→ WHAT THIS TASK INVOLVES:
Your task is to restate every entry below word for word and omit the images.

---- RECORDS PROVIDED

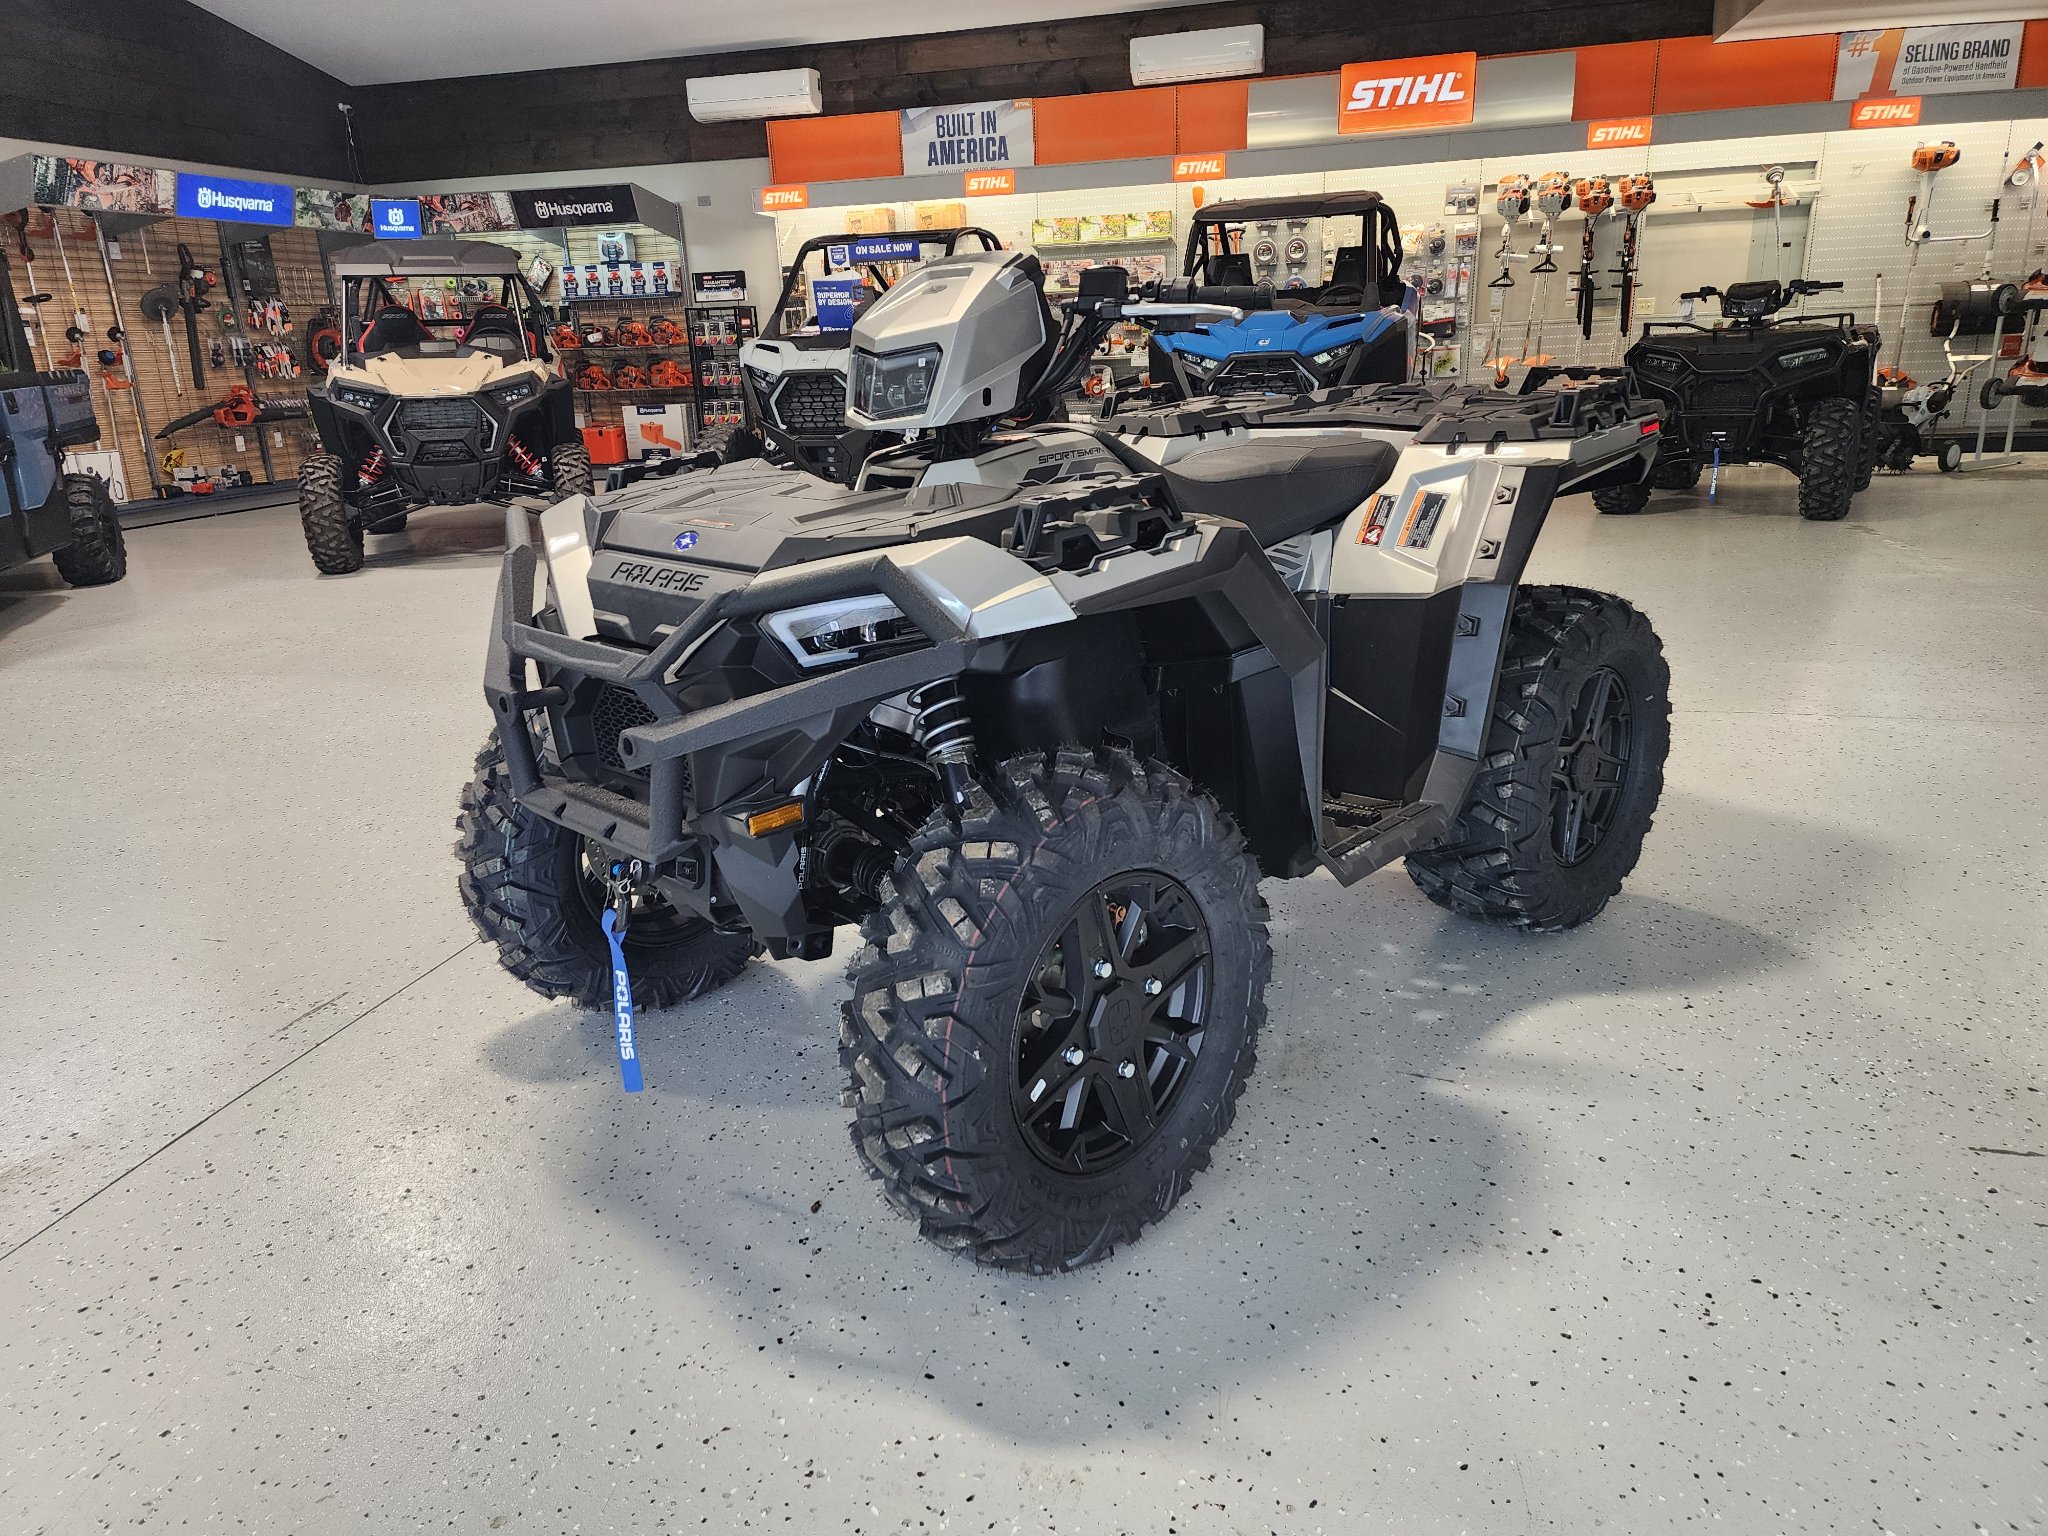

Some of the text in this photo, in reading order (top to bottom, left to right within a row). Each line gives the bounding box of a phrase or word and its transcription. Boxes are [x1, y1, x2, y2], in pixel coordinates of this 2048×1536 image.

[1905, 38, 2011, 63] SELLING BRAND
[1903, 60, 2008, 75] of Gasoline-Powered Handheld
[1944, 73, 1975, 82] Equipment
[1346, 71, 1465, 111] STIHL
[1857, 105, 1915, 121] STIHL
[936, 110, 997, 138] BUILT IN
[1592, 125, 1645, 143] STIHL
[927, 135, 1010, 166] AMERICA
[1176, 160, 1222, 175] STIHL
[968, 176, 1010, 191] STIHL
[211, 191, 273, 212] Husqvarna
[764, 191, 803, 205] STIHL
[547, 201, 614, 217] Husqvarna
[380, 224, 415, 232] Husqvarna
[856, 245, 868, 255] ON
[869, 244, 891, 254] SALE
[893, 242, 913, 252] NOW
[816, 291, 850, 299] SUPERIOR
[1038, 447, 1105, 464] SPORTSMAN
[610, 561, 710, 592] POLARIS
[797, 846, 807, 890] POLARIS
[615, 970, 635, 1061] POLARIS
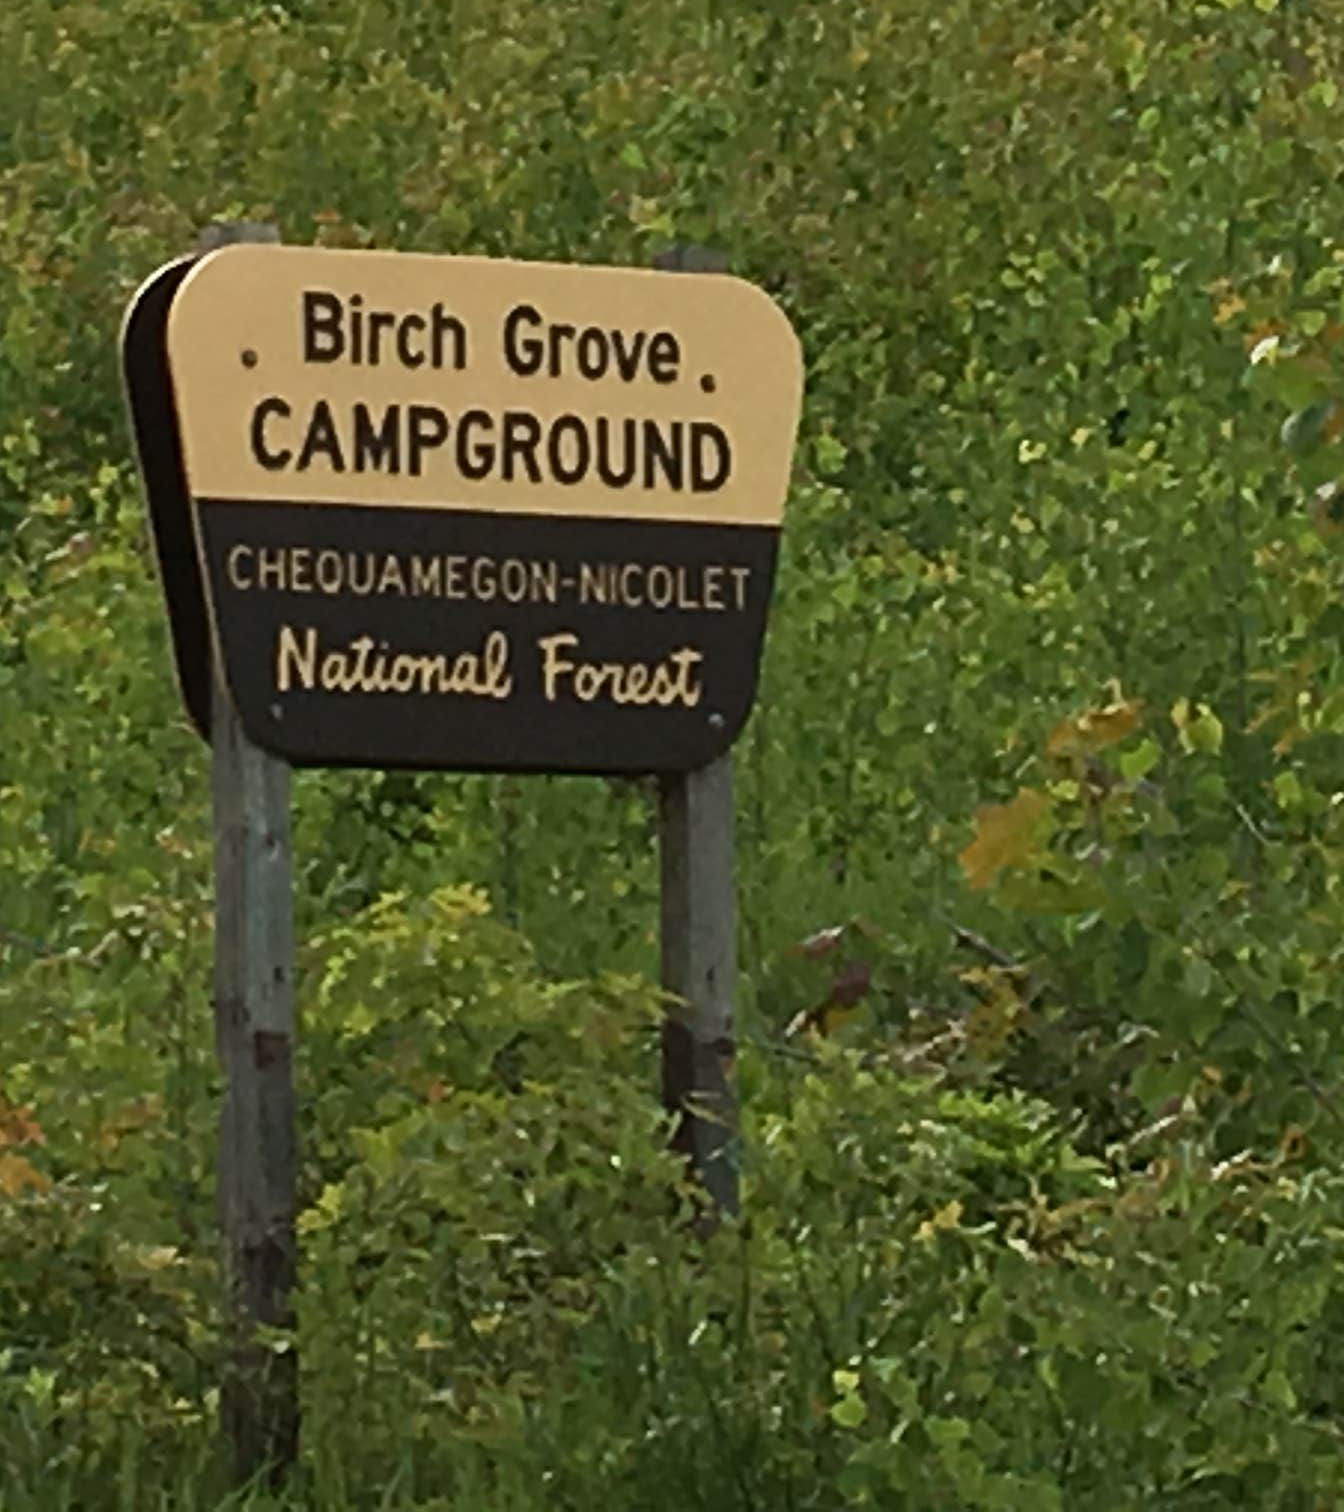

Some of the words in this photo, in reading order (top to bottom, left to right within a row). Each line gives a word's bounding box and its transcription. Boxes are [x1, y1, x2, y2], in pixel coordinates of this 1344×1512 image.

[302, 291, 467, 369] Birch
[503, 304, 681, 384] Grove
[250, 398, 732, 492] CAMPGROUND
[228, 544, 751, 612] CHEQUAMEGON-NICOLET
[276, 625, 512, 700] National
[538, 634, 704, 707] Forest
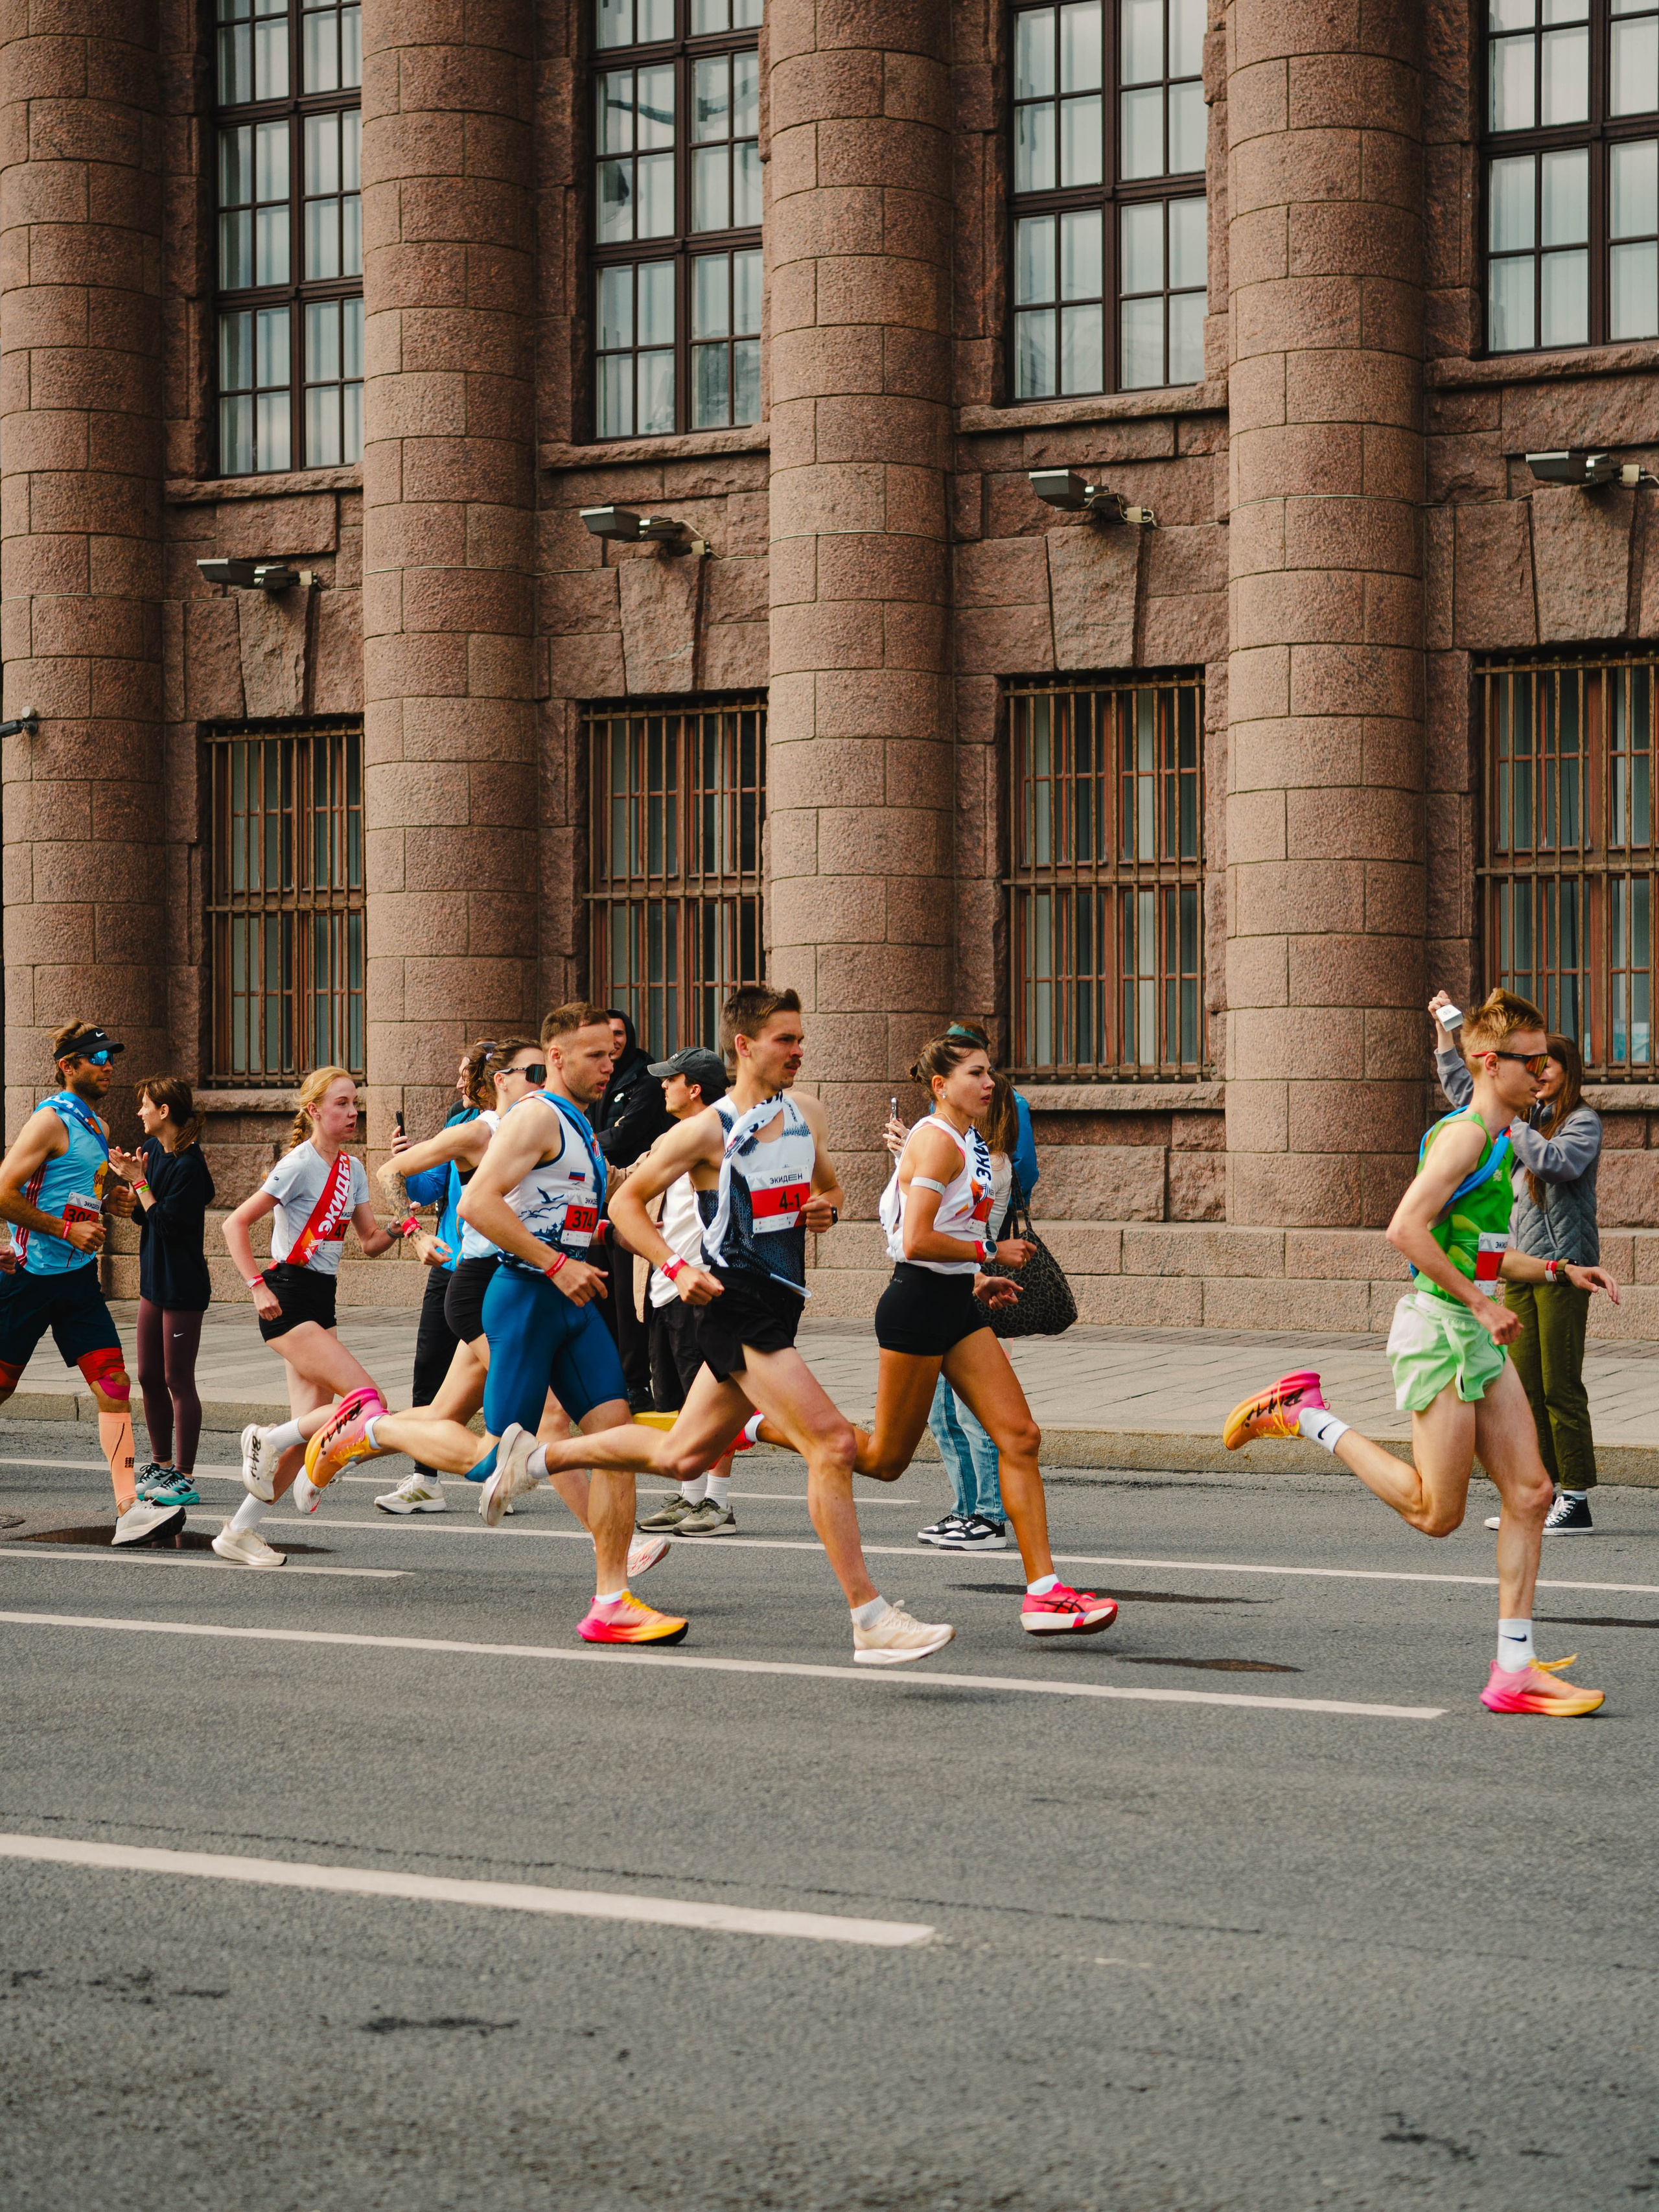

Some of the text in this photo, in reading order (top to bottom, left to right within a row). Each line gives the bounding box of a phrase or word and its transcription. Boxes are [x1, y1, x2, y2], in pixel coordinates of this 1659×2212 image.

--------

→ PROBLEM SOLUTION:
Some of the text in this photo, in reading order (top to bottom, left to right within a row). Each line gives the bounding box of a phrase or word and its transcription. Boxes are [x1, y1, x2, y2], in pixel coordinates of this 2048×1536 image.

[1905, 38, 2011, 63] SELLING BRAND
[1903, 60, 2008, 75] of Gasoline-Powered Handheld
[1944, 73, 1975, 82] Equipment
[1346, 71, 1465, 111] STIHL
[1857, 105, 1915, 121] STIHL
[936, 110, 997, 138] BUILT IN
[1592, 125, 1645, 143] STIHL
[927, 135, 1010, 166] AMERICA
[1176, 160, 1222, 175] STIHL
[968, 176, 1010, 191] STIHL
[211, 191, 273, 212] Husqvarna
[764, 191, 803, 205] STIHL
[547, 201, 614, 217] Husqvarna
[380, 224, 415, 232] Husqvarna
[856, 245, 868, 255] ON
[869, 244, 891, 254] SALE
[893, 242, 913, 252] NOW
[816, 291, 850, 299] SUPERIOR
[1038, 447, 1105, 464] SPORTSMAN
[610, 561, 710, 592] POLARIS
[797, 846, 807, 890] POLARIS
[615, 970, 635, 1061] POLARIS

Some of the words in this photo, in reading order (top to bottom, left to right within a row). Each line gives a word's bounding box and its transcription. Boxes are [x1, y1, x2, y2], in pixel coordinates of this 1344×1512 image.

[302, 291, 467, 369] Birch
[503, 304, 681, 384] Grove
[250, 398, 732, 492] CAMPGROUND
[228, 544, 751, 612] CHEQUAMEGON-NICOLET
[276, 625, 512, 700] National
[538, 634, 704, 707] Forest

Some of the text in this photo, in reading order (top to bottom, left to right within a row). Each line gives the bounding box of a phrase or word and its transcription. Boxes are [x1, y1, x2, y2], in pixel coordinates of this 1659×2212 image.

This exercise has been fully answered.